Work request: Can you retype every record below exactly as written?

════════════════

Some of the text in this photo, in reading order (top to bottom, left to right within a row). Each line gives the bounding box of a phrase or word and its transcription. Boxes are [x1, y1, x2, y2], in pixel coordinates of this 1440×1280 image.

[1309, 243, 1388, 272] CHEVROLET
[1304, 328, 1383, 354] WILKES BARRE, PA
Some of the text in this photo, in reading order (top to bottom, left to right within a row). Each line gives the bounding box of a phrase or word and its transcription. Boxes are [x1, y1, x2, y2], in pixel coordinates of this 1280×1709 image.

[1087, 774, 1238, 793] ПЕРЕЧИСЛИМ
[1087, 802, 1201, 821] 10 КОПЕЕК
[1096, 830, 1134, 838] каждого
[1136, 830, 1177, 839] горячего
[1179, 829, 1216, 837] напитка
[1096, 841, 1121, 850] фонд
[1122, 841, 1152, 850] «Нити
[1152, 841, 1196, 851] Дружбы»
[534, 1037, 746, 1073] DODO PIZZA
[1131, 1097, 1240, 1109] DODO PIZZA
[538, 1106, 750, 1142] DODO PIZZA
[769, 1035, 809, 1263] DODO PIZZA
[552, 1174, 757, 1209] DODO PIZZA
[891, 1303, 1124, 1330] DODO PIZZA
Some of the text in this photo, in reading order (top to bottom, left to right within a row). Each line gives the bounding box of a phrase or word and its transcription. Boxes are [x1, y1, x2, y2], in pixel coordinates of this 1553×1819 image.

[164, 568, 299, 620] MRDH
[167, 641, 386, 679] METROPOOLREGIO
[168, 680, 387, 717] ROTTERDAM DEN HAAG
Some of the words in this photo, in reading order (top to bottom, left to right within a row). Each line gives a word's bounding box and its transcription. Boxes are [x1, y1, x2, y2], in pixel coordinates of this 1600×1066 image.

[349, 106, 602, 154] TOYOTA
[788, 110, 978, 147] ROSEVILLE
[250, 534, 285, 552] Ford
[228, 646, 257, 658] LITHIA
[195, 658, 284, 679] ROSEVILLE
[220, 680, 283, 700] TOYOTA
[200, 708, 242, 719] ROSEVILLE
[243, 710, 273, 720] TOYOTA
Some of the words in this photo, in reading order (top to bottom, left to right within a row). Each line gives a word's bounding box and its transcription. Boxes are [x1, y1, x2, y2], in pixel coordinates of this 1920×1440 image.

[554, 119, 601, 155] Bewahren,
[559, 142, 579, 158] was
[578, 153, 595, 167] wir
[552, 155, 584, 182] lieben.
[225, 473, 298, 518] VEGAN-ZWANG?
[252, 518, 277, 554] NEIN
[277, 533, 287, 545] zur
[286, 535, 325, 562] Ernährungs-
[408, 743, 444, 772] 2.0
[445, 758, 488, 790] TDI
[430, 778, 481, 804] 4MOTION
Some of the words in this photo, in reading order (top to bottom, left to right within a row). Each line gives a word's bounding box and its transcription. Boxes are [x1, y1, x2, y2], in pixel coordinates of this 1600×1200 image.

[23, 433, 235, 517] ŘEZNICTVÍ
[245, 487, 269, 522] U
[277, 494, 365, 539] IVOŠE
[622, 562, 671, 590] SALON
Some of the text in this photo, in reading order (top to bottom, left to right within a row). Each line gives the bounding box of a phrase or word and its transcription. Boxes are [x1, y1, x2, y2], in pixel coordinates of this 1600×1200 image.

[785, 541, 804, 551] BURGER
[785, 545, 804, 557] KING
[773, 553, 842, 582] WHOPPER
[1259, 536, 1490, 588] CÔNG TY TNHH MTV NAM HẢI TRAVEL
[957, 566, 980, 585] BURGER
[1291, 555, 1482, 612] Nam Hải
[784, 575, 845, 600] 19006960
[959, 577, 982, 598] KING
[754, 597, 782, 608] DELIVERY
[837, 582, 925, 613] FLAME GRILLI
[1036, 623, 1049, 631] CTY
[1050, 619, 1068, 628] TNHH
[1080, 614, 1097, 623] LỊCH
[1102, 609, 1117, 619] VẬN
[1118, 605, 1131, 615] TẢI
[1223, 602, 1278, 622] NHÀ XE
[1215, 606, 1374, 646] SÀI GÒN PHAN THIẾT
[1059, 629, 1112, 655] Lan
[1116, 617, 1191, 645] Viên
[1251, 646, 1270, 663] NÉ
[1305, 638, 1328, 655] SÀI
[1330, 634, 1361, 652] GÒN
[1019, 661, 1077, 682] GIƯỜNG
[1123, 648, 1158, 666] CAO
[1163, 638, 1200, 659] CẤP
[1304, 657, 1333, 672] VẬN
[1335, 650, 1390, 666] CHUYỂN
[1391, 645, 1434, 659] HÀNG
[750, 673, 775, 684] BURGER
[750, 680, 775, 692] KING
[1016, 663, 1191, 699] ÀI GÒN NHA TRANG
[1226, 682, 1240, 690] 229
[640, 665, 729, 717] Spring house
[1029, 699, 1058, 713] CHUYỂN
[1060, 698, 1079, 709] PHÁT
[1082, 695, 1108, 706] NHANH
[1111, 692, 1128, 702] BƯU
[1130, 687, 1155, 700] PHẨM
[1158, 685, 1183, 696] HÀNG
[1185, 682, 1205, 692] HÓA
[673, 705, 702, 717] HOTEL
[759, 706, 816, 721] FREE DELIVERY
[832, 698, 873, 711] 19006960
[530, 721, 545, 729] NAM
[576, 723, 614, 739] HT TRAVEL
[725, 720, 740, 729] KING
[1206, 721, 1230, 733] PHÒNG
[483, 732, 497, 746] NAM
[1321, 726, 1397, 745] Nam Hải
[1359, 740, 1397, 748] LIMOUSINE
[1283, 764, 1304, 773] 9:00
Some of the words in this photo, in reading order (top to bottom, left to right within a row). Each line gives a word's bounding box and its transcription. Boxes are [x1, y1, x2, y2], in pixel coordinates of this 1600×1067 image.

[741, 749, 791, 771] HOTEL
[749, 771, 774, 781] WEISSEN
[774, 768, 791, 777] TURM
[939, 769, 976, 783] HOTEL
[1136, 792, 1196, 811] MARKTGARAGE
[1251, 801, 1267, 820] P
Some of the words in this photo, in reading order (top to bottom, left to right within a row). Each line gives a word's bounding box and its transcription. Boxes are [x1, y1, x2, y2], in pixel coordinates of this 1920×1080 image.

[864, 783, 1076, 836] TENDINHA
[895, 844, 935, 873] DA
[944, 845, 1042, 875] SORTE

════════════════

Written response:
Some of the text in this photo, in reading order (top to bottom, left to right within a row). Each line gives the bounding box of a phrase or word and its transcription. Boxes are [x1, y1, x2, y2], in pixel coordinates of this 1440×1280 image.

[1309, 243, 1388, 272] CHEVROLET
[1304, 328, 1383, 354] WILKES BARRE, PA
Some of the text in this photo, in reading order (top to bottom, left to right within a row). Each line gives the bounding box of a phrase or word and its transcription. Boxes are [x1, y1, x2, y2], in pixel coordinates of this 1280×1709 image.

[1087, 774, 1238, 793] ПЕРЕЧИСЛИМ
[1087, 802, 1201, 821] 10 КОПЕЕК
[1096, 830, 1134, 838] каждого
[1136, 830, 1177, 839] горячего
[1179, 829, 1216, 837] напитка
[1096, 841, 1121, 850] фонд
[1122, 841, 1152, 850] «Нити
[1152, 841, 1196, 851] Дружбы»
[534, 1037, 746, 1073] DODO PIZZA
[1131, 1097, 1240, 1109] DODO PIZZA
[538, 1106, 750, 1142] DODO PIZZA
[769, 1035, 809, 1263] DODO PIZZA
[552, 1174, 757, 1209] DODO PIZZA
[891, 1303, 1124, 1330] DODO PIZZA
Some of the text in this photo, in reading order (top to bottom, left to right within a row). Each line gives the bounding box of a phrase or word and its transcription. Boxes are [x1, y1, x2, y2], in pixel coordinates of this 1553×1819 image.

[164, 568, 299, 620] MRDH
[167, 641, 386, 679] METROPOOLREGIO
[168, 680, 387, 717] ROTTERDAM DEN HAAG
Some of the words in this photo, in reading order (top to bottom, left to right within a row). Each line gives a word's bounding box and its transcription. Boxes are [x1, y1, x2, y2], in pixel coordinates of this 1600×1066 image.

[349, 106, 602, 154] TOYOTA
[788, 110, 978, 147] ROSEVILLE
[250, 534, 285, 552] Ford
[228, 646, 257, 658] LITHIA
[195, 658, 284, 679] ROSEVILLE
[220, 680, 283, 700] TOYOTA
[200, 708, 242, 719] ROSEVILLE
[243, 710, 273, 720] TOYOTA
Some of the words in this photo, in reading order (top to bottom, left to right within a row). Each line gives a word's bounding box and its transcription. Boxes are [x1, y1, x2, y2], in pixel coordinates of this 1920×1440 image.

[554, 119, 601, 155] Bewahren,
[559, 142, 579, 158] was
[578, 153, 595, 167] wir
[552, 155, 584, 182] lieben.
[225, 473, 298, 518] VEGAN-ZWANG?
[252, 518, 277, 554] NEIN
[277, 533, 287, 545] zur
[286, 535, 325, 562] Ernährungs-
[408, 743, 444, 772] 2.0
[445, 758, 488, 790] TDI
[430, 778, 481, 804] 4MOTION
Some of the words in this photo, in reading order (top to bottom, left to right within a row). Each line gives a word's bounding box and its transcription. Boxes are [x1, y1, x2, y2], in pixel coordinates of this 1600×1200 image.

[23, 433, 235, 517] ŘEZNICTVÍ
[245, 487, 269, 522] U
[277, 494, 365, 539] IVOŠE
[622, 562, 671, 590] SALON
Some of the text in this photo, in reading order (top to bottom, left to right within a row). Each line gives the bounding box of a phrase or word and its transcription. Boxes are [x1, y1, x2, y2], in pixel coordinates of this 1600×1200 image.

[785, 541, 804, 551] BURGER
[785, 545, 804, 557] KING
[773, 553, 842, 582] WHOPPER
[1259, 536, 1490, 588] CÔNG TY TNHH MTV NAM HẢI TRAVEL
[957, 566, 980, 585] BURGER
[1291, 555, 1482, 612] Nam Hải
[784, 575, 845, 600] 19006960
[959, 577, 982, 598] KING
[754, 597, 782, 608] DELIVERY
[837, 582, 925, 613] FLAME GRILLI
[1036, 623, 1049, 631] CTY
[1050, 619, 1068, 628] TNHH
[1080, 614, 1097, 623] LỊCH
[1102, 609, 1117, 619] VẬN
[1118, 605, 1131, 615] TẢI
[1223, 602, 1278, 622] NHÀ XE
[1215, 606, 1374, 646] SÀI GÒN PHAN THIẾT
[1059, 629, 1112, 655] Lan
[1116, 617, 1191, 645] Viên
[1251, 646, 1270, 663] NÉ
[1305, 638, 1328, 655] SÀI
[1330, 634, 1361, 652] GÒN
[1019, 661, 1077, 682] GIƯỜNG
[1123, 648, 1158, 666] CAO
[1163, 638, 1200, 659] CẤP
[1304, 657, 1333, 672] VẬN
[1335, 650, 1390, 666] CHUYỂN
[1391, 645, 1434, 659] HÀNG
[750, 673, 775, 684] BURGER
[750, 680, 775, 692] KING
[1016, 663, 1191, 699] ÀI GÒN NHA TRANG
[1226, 682, 1240, 690] 229
[640, 665, 729, 717] Spring house
[1029, 699, 1058, 713] CHUYỂN
[1060, 698, 1079, 709] PHÁT
[1082, 695, 1108, 706] NHANH
[1111, 692, 1128, 702] BƯU
[1130, 687, 1155, 700] PHẨM
[1158, 685, 1183, 696] HÀNG
[1185, 682, 1205, 692] HÓA
[673, 705, 702, 717] HOTEL
[759, 706, 816, 721] FREE DELIVERY
[832, 698, 873, 711] 19006960
[530, 721, 545, 729] NAM
[576, 723, 614, 739] HT TRAVEL
[725, 720, 740, 729] KING
[1206, 721, 1230, 733] PHÒNG
[483, 732, 497, 746] NAM
[1321, 726, 1397, 745] Nam Hải
[1359, 740, 1397, 748] LIMOUSINE
[1283, 764, 1304, 773] 9:00
Some of the words in this photo, in reading order (top to bottom, left to right within a row). Each line gives a word's bounding box and its transcription. Boxes are [x1, y1, x2, y2], in pixel coordinates of this 1600×1067 image.

[741, 749, 791, 771] HOTEL
[749, 771, 774, 781] WEISSEN
[774, 768, 791, 777] TURM
[939, 769, 976, 783] HOTEL
[1136, 792, 1196, 811] MARKTGARAGE
[1251, 801, 1267, 820] P
Some of the words in this photo, in reading order (top to bottom, left to right within a row). Each line gives a word's bounding box and its transcription. Boxes are [x1, y1, x2, y2], in pixel coordinates of this 1920×1080 image.

[864, 783, 1076, 836] TENDINHA
[895, 844, 935, 873] DA
[944, 845, 1042, 875] SORTE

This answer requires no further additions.